In June, Amazon CEO Andy Jassy had a blunt message for his 350,000 corporate employees: There were going to be fewer of them in the near future, thanks to the “efficiency gains” he expected from AI. The proclamation generated big headlines and an uproar from staff. But it struck me as merely honest. He was acknowledging something that pretty much every CEO who sits atop a large white-collar workforce is quietly hoping to achieve sooner or later.

After all, Jassy hasn’t been the only executive to hint at a future of lower headcount. The head of JPMorgan’s consumer and community business predicted in May that AI will reduce the number of employees in its operations division by 10%. That same month, the CEO of Klarna said that the company’s investments in AI has already driven the company’s headcount to shrink by 40%. And the CEO of Ford — a company that employs tens of thousands of white-collar professionals — declared that AI will wipe out “literally half” of all white-collar jobs. Meanwhile, Kian Katanforoosh, the CEO and founder of the software startup Workera, tells me that he never wants to have much more than the 80 or so employees he has today, no matter how successful his business ends up becoming. “I truly believe we can go super super far without growing more,” he says. “I’m an engineer. I don’t want to have to manage so many people if I don’t need to.”

It’s not like CEOs ever enjoyed shelling out for the salaries or navigating the personnel headaches that come with the sprawling bureaucracies they employ. But for more than a century, armies of office workers were a necessary cost of doing business. To grow from tiny upstarts into titans of industry, companies needed an ever-multiplying number of HR reps, accountants, marketers, engineers, analysts, and project managers.
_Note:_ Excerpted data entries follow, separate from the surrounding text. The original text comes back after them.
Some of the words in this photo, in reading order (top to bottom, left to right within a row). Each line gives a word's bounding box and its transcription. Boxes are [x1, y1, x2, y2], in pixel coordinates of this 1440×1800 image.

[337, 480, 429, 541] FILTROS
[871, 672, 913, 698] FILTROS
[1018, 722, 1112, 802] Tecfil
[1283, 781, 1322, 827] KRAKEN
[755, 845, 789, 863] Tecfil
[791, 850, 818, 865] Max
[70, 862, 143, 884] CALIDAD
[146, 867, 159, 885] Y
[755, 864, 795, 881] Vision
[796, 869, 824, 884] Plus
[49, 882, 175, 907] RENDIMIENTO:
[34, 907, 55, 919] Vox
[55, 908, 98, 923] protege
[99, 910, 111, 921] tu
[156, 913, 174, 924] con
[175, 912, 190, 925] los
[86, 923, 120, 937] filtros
Recently, OpenAI CEO Sam Altman, whom I think that however well-informed he may be on generative AI is hopelessly naive, predicted the first billion dollar company built on an artificial intelligence platform with only a single employee. And who will provide the billion in revenue? Other billionaires? That’s the opposite of Henry Ford’s idea of paying his workers enough to buy the automobiles they were producing in his factories. Don’t worry, he cheerfully continues. gAI will create new good-paying jobs we can’t even imagine.

Google’s former chief business officer, Mo Gawdat, quoted at PC Gamer has other ideas:

The AI industry has something of a stock line about its technology replacing existing careers: AI will simultaneously create new jobs we can’t even imagine, and people will start working in those fields. But Gawdat doesn’t buy that line, and in straightforward language calls the whole idea “100% crap” (thanks, Windows Central).
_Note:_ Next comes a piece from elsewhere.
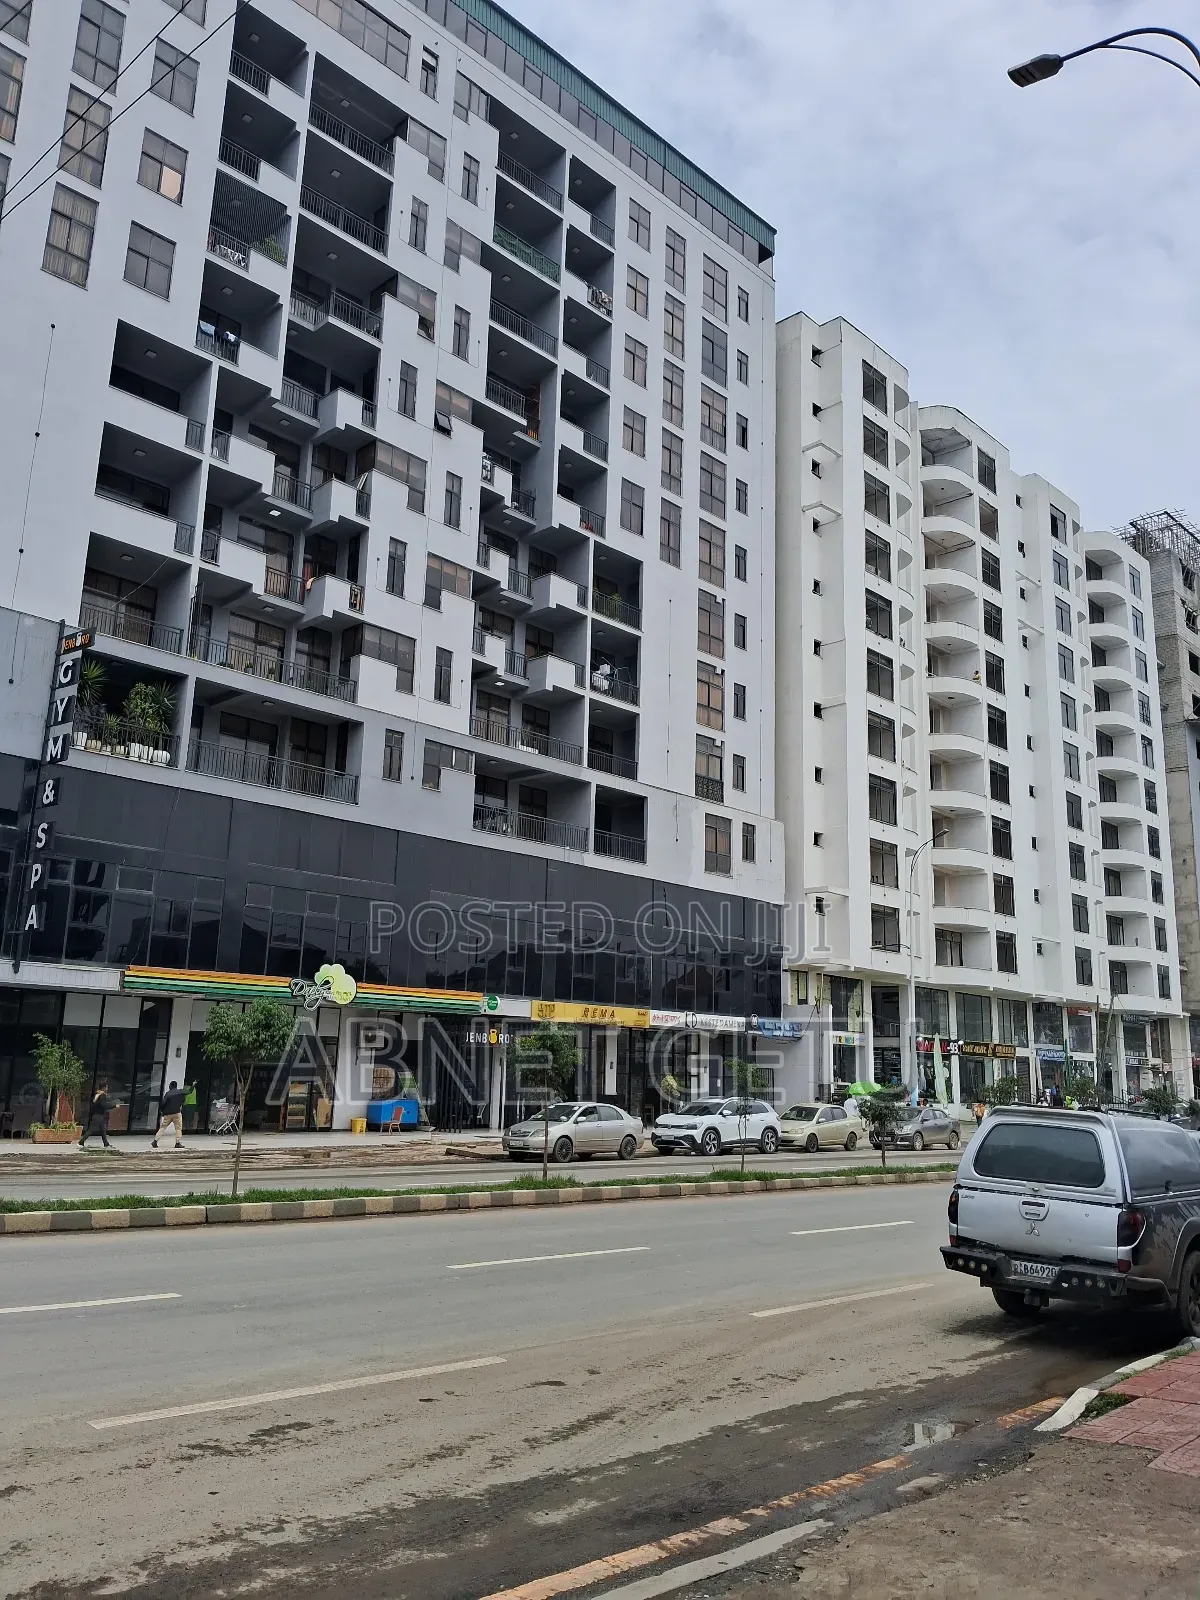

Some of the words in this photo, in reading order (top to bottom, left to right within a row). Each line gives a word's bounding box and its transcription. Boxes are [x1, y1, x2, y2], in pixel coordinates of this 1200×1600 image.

[46, 660, 73, 762] GYM
[42, 779, 56, 805] &
[25, 822, 49, 931] SPA
[581, 1007, 616, 1019] REMA
For the foreseeable future the jobs we can be confident will not be replaced by artificial intelligence, however better a job gAI might do, will be those of people who have the power to prevent it. That includes Fortune 500 CEOs.

The title of the op-ed with which this post began is “No Help Wanted, No Economic Growth”. What if that’s the new normal? I don’t believe that Mo Gawdat’s vision of a socialist paradise will be the outcome if for no other reason than those who still have jobs and incomes won’t pay for it. And the elected officials who also have power and don’t want their own jobs to be replaced by AI won’t vote for it.

The challenge that I would give to those who envision “new jobs we can’t even imagine” is to predict a date certain by which those jobs will begin to be created in numbers that exceed the number of jobs being lost. I don’t think they will take that challenge. I don’t think they can.